The certificates said quite clearly on the front side: “One Share.” The nominal face value was ten thousand rubles, and each certificate carried eight perforated coupons attached to the bottom, labeled
“Check to Receive Dividends.” Berezovsky promised that the first dividends would be paid in 1995, even though the new auto factory would not go into operation for a few years.

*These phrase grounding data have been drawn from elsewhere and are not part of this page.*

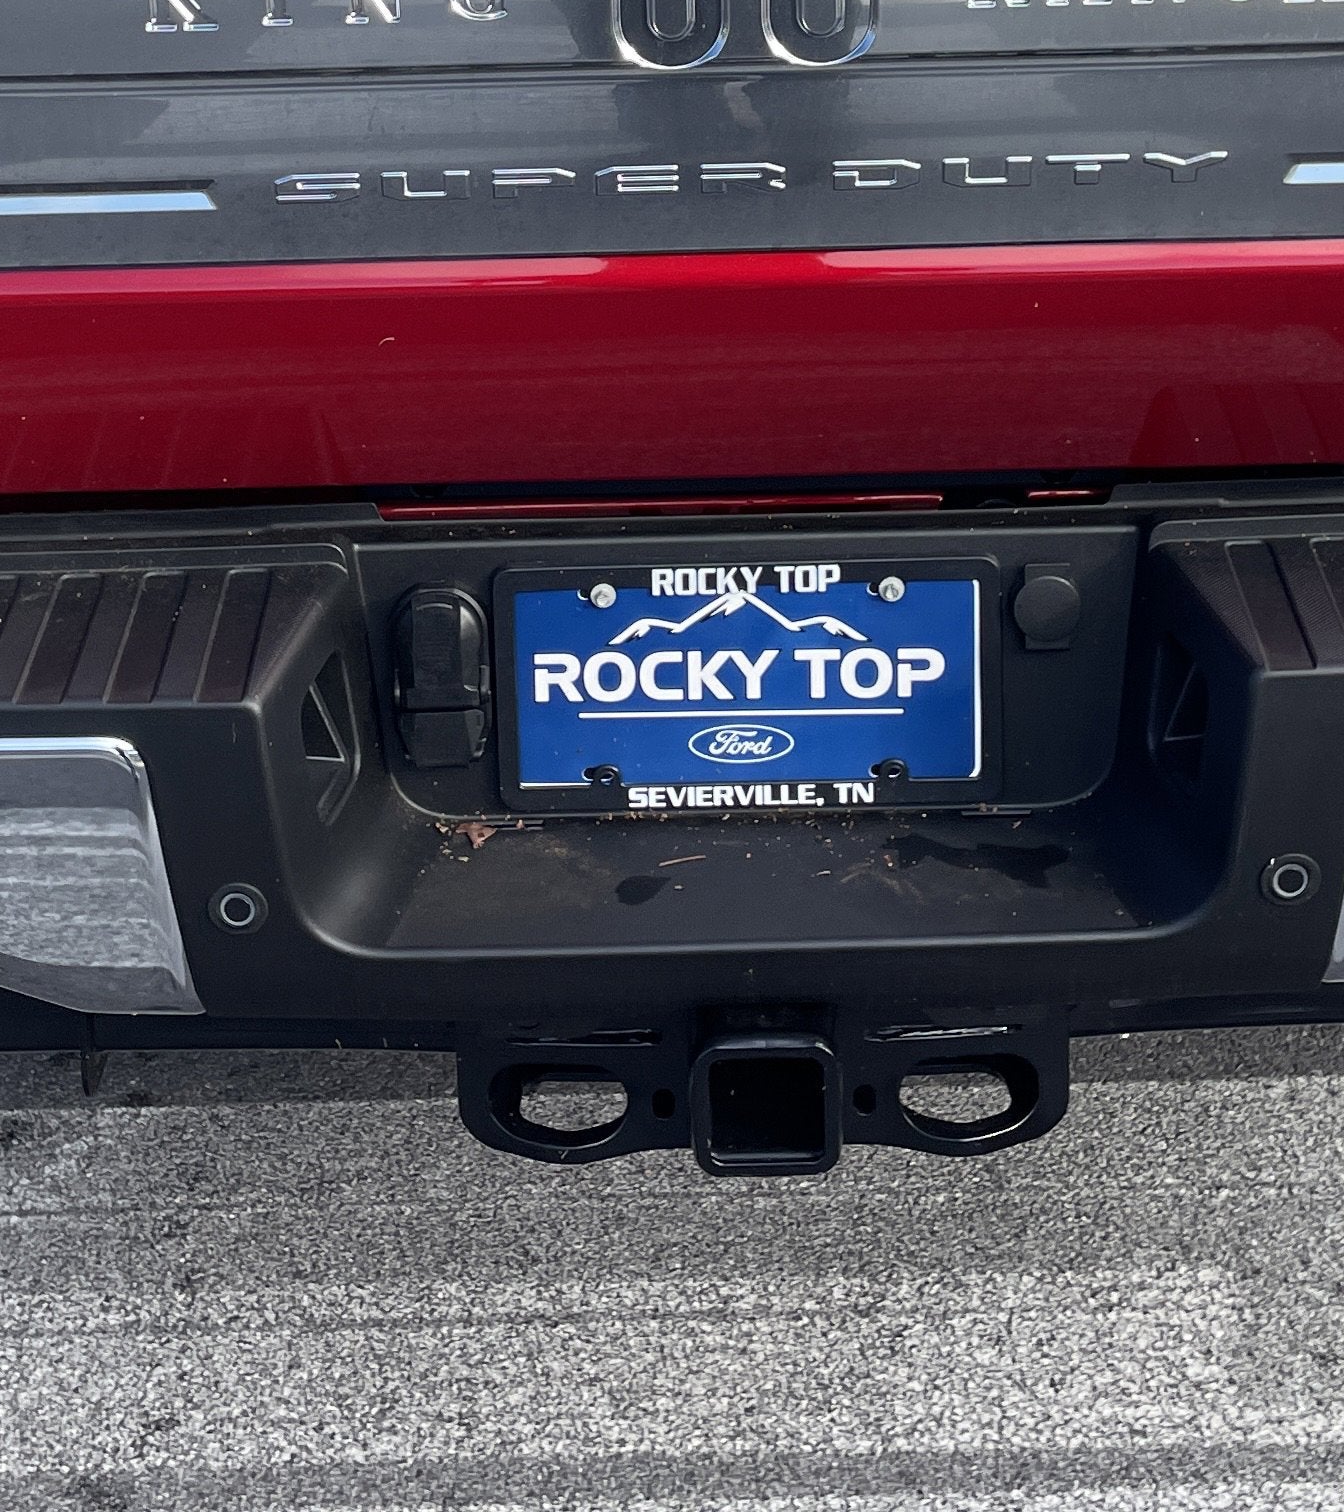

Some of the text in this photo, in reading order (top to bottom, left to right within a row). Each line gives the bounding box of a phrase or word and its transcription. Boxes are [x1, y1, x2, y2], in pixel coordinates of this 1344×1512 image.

[274, 150, 1230, 204] SUPER DUTY
[651, 563, 842, 597] ROCKY TOP
[533, 647, 946, 704] ROCKY TOP
[708, 729, 774, 756] Ford
[628, 781, 876, 809] SEVIERVILLE, TN
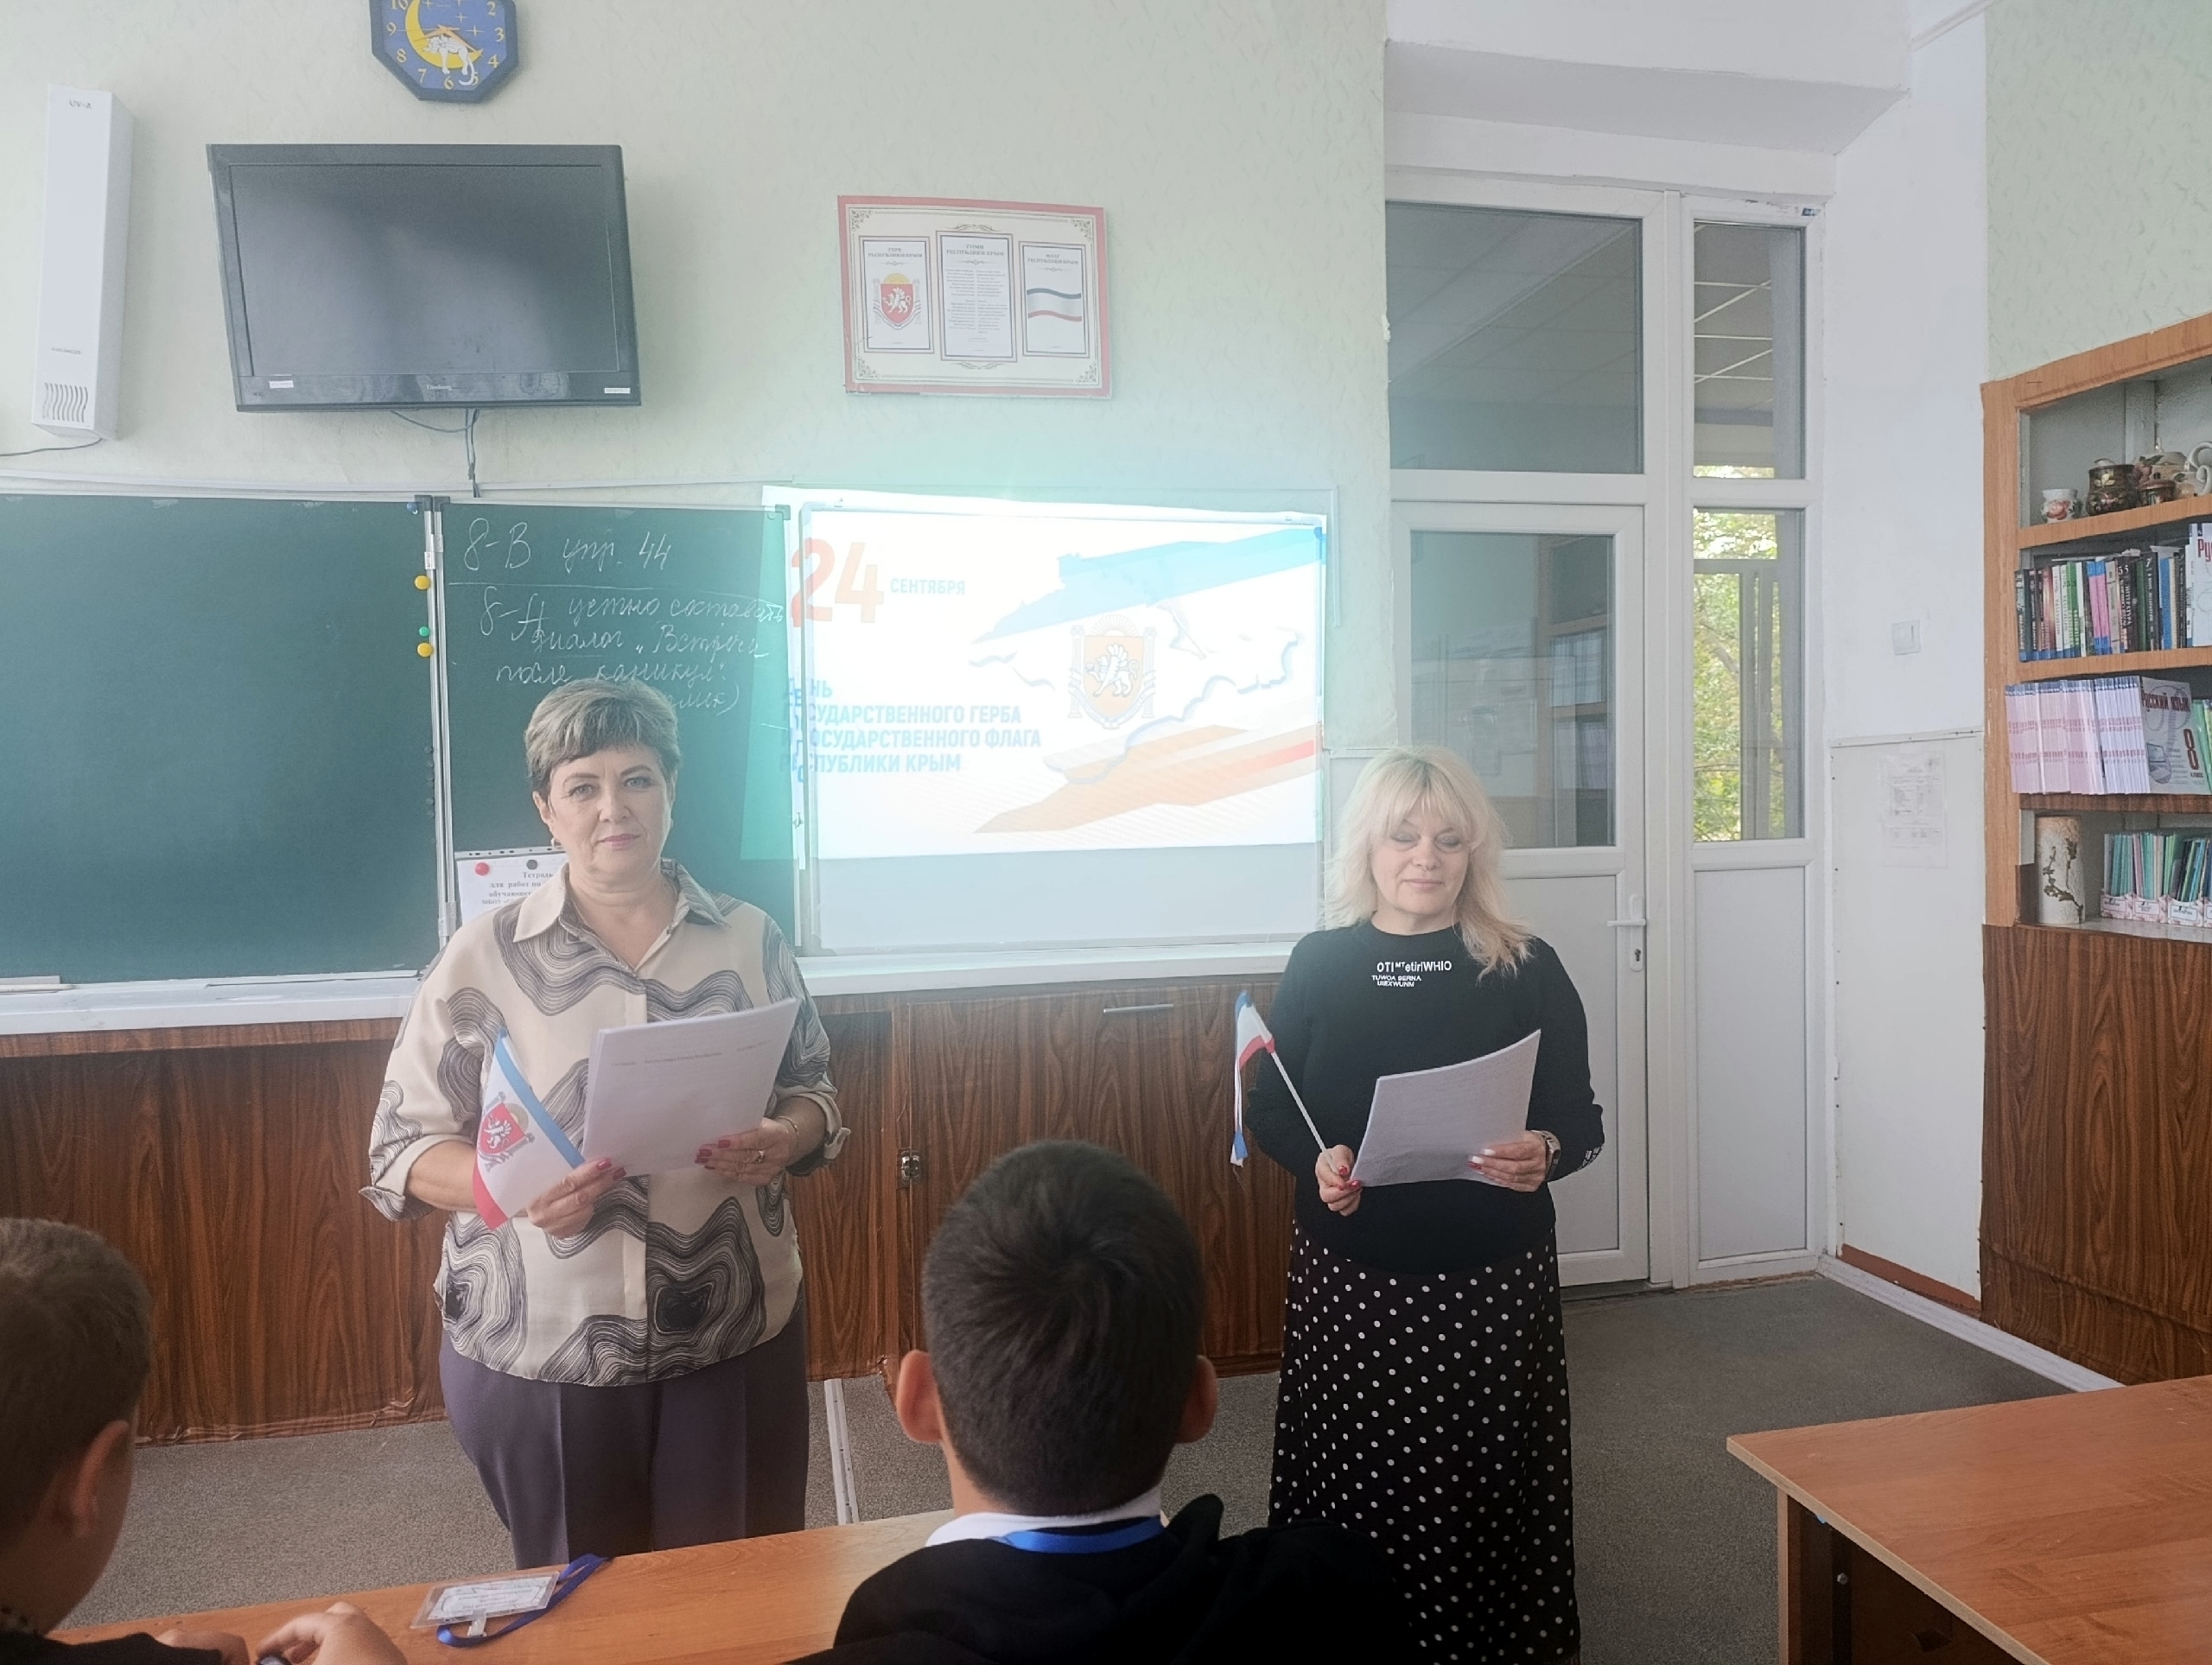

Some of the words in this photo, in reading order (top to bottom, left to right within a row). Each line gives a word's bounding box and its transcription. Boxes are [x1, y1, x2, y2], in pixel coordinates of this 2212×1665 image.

[486, 2, 496, 16] 2
[386, 22, 397, 36] 9
[494, 27, 505, 41] 3
[397, 48, 407, 63] 8
[487, 54, 499, 68] 4
[417, 68, 427, 83] 7
[444, 75, 454, 90] 6
[639, 531, 671, 570] 44
[2197, 538, 2212, 562] Ру
[790, 537, 884, 628] 24
[890, 577, 966, 596] СЕНТЯБРЯ
[496, 662, 574, 685] после
[969, 705, 1022, 724] ГЕРБА
[985, 728, 1041, 748] ФЛАГА
[2183, 728, 2200, 771] 8
[906, 753, 961, 772] КРЫМ

But the back of the certificate held a clue that not everything was as it seemed. The certificate was not a share of stock in the legal or traditional sense. Rather, it was a new kind of security, a hybrid called a “bearer certificate.” The bearer certificate gave the person who held it only one right: to exchange it for one genuine share of AVVA. However, trading in the bearer certificate was very difficult, and all the shares not claimed (meaning most of them) would be controlled by AVVA itself. In other words, AVVA was selling papers that said “One Share” on the front but said they were not a share on the back. The certificate holder had no voting rights. Real control rested with the founders of AVVA, a series of companies and banks close to Berezovsky and Kadannikov.
10
Berezovsky added a special twist to discourage people from trading in their certificates. With much hype, AVVA promised to give away 100,000 Avtovaz cars and big discounts on car purchases in a lottery for those who held the certificates. Berezovsky personally announced the first lottery on February 18, 1994, saying 6,500 cars were being offered—every tenth car for free, and the others with 25 percent and 50 percent discounts.
11
But the rules of the lottery were that only people who did
not
trade in their certificates could participate. In the end, the car giveaway lotteries were held just three times. The gambit worked: most people did not trade in their certificates and just stashed them in a drawer. This was good for Berezovsky because it meant he could keep the money and keep control of AVVA too.